• Given records:
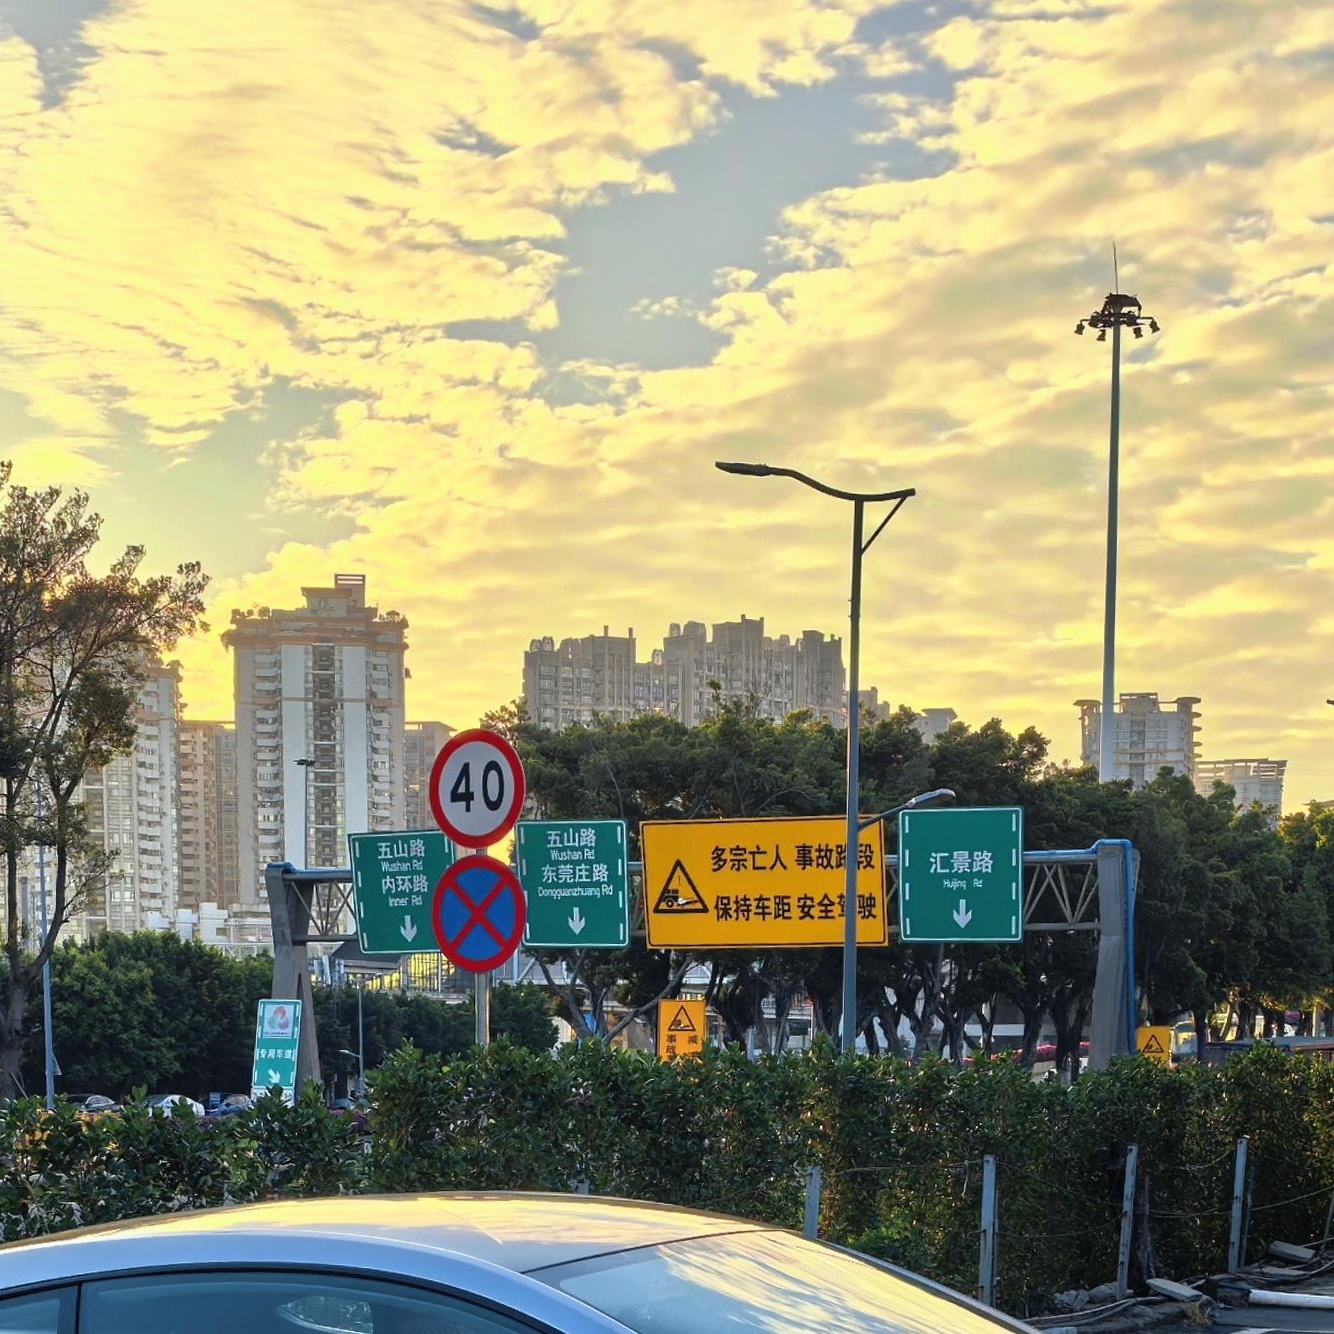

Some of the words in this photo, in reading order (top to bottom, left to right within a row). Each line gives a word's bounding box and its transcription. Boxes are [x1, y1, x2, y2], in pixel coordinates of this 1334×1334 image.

[450, 760, 505, 813] 40
[546, 827, 597, 848] 五山路
[377, 838, 425, 859] 五山路
[550, 848, 583, 861] Wushan
[584, 848, 596, 860] Rd
[711, 844, 788, 873] 多宗亡人
[381, 860, 411, 872] Wushan
[412, 859, 424, 871] Rd
[930, 850, 994, 873] 汇景路
[541, 863, 609, 883] 东莞庄路
[381, 874, 429, 895] 内环路
[601, 883, 613, 896] Rd
[713, 894, 793, 923] 保持车距

• Work instruction:
Everything in the entries above, apart from the images, should be printed exactly.

• Answer section:
Some of the words in this photo, in reading order (top to bottom, left to right within a row). Each line gives a word's bounding box and its transcription. Boxes are [x1, y1, x2, y2], in pixel coordinates of this 1334×1334 image.

[450, 760, 505, 813] 40
[546, 827, 597, 848] 五山路
[377, 838, 425, 859] 五山路
[550, 848, 583, 861] Wushan
[584, 848, 596, 860] Rd
[711, 844, 788, 873] 多宗亡人
[381, 860, 411, 872] Wushan
[412, 859, 424, 871] Rd
[930, 850, 994, 873] 汇景路
[541, 863, 609, 883] 东莞庄路
[381, 874, 429, 895] 内环路
[601, 883, 613, 896] Rd
[713, 894, 793, 923] 保持车距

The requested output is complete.